SB 506 — Maryland Department of Health – Mental Health and Substance Use Disorder Services – Needs Assessment Study

Committee: Senate Finance

Position: SUPPORT

The Maryland Catholic Conference (“Conference”) represents the public policy interests of the three Roman Catholic (arch)dioceses serving Maryland: the Archdiocese of Baltimore, the Archdiocese of Washington, and the Diocese of Wilmington.

Senate Bill 506 directs the Department of Health to undertake a study examining mental health, behavioral health, and developmental disabilities in the state, specifically determining current capacities and unmet needs.

The Conference supports legislation that ensures access to quality, affordable, and life-giving health care for all. Mental and behavioral health is integral to the health of the entire person, and services that treat mental health, somatic illnesses, and substance use disorders are imperative to a healthy society. An increasing number of Marylanders are in need of healing and as such, every effort must be made to make services available to all those who are seeking such care. The Conference will support expanding access to health care options for all who need it, regardless of status, as every person has a basic right to adequate health care arising from the Church’s teaching on the sanctity and dignity of human life.
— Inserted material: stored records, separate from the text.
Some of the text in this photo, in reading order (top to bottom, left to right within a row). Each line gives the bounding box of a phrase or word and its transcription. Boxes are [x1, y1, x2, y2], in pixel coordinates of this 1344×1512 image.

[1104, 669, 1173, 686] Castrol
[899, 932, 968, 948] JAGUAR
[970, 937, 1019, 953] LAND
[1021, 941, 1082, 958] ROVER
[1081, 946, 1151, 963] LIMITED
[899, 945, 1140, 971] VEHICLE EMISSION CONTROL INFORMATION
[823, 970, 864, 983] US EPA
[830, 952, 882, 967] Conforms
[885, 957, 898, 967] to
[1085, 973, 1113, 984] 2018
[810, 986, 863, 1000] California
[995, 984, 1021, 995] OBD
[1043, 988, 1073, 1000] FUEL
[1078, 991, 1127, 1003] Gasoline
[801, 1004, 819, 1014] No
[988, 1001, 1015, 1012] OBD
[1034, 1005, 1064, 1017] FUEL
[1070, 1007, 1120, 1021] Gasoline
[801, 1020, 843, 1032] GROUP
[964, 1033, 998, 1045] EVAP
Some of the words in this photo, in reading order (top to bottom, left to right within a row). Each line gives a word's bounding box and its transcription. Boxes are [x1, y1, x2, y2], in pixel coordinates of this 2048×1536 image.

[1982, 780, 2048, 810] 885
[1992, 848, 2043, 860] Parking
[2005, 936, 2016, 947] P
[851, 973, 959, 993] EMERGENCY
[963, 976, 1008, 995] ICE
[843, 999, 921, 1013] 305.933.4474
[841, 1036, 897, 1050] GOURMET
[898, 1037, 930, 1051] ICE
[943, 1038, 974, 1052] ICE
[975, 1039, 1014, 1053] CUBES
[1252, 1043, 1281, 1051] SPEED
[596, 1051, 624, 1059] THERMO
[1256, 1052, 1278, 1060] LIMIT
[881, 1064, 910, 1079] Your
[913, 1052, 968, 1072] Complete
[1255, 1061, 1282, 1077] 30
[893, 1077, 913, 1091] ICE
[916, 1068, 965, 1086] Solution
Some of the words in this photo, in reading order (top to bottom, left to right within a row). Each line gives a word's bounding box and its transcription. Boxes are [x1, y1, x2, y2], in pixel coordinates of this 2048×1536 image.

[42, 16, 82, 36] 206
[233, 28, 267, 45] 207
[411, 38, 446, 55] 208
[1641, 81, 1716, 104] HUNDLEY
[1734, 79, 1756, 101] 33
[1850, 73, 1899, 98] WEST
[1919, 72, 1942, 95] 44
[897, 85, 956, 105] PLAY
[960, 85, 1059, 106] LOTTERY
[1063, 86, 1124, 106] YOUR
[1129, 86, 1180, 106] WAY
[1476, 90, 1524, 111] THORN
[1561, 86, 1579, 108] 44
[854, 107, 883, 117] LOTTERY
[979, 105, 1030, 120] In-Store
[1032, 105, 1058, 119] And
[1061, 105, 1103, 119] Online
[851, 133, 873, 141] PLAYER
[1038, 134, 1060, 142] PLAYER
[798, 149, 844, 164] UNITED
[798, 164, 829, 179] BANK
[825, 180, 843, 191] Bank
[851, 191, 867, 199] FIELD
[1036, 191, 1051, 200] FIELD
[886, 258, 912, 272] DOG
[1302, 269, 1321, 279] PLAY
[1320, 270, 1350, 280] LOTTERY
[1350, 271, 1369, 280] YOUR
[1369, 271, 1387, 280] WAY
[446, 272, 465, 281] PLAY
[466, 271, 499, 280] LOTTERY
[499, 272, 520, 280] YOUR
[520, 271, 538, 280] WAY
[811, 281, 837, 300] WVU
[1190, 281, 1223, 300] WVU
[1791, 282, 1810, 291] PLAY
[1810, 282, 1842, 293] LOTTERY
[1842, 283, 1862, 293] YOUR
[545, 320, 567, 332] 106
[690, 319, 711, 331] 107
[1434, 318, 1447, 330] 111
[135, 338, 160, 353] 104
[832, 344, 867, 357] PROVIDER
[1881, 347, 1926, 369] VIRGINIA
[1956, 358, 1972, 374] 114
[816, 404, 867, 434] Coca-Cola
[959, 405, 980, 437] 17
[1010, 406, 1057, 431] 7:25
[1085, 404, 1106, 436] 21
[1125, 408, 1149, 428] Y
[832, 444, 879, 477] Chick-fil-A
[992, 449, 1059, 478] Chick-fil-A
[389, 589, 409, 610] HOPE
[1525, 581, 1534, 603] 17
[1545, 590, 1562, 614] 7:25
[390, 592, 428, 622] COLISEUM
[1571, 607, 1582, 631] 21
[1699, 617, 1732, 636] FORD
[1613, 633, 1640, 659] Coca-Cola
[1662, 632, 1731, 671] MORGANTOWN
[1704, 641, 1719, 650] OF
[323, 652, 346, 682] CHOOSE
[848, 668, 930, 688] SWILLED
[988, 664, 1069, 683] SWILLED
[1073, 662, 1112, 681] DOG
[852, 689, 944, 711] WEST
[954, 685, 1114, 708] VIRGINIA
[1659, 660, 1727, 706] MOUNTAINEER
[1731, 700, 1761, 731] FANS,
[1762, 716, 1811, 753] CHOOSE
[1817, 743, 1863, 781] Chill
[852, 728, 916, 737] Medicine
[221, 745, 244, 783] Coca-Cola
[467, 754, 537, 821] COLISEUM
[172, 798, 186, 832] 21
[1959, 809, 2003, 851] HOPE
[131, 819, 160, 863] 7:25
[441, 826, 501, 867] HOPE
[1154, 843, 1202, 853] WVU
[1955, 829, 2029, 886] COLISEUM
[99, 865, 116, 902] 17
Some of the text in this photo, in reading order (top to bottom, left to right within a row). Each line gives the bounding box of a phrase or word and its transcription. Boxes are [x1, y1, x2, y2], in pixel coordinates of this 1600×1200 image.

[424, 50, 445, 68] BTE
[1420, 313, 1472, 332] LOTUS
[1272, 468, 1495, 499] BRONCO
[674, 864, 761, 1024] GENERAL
More than one million Marylanders need mental and behavioral healthcare services. Left untreated, these needs can lead to a host of other social problems, including crime, violence, and homelessness. The opioid crisis has dramatically intensified the need for these services in Maryland, and it has affected all jurisdictions in the state, such as difficulties in the delivery of services in rural areas and lack of available providers and beds in suburban and urban settings. Adequate services are needed to protect not only the most vulnerable among us, but also those who may be marginalized by language barriers, lack of health insurance, or those affected by the rising opioid-related crisis.

The Conference appreciates your consideration and, for these reasons, respectfully requests a favorable report on Senate Bill 506.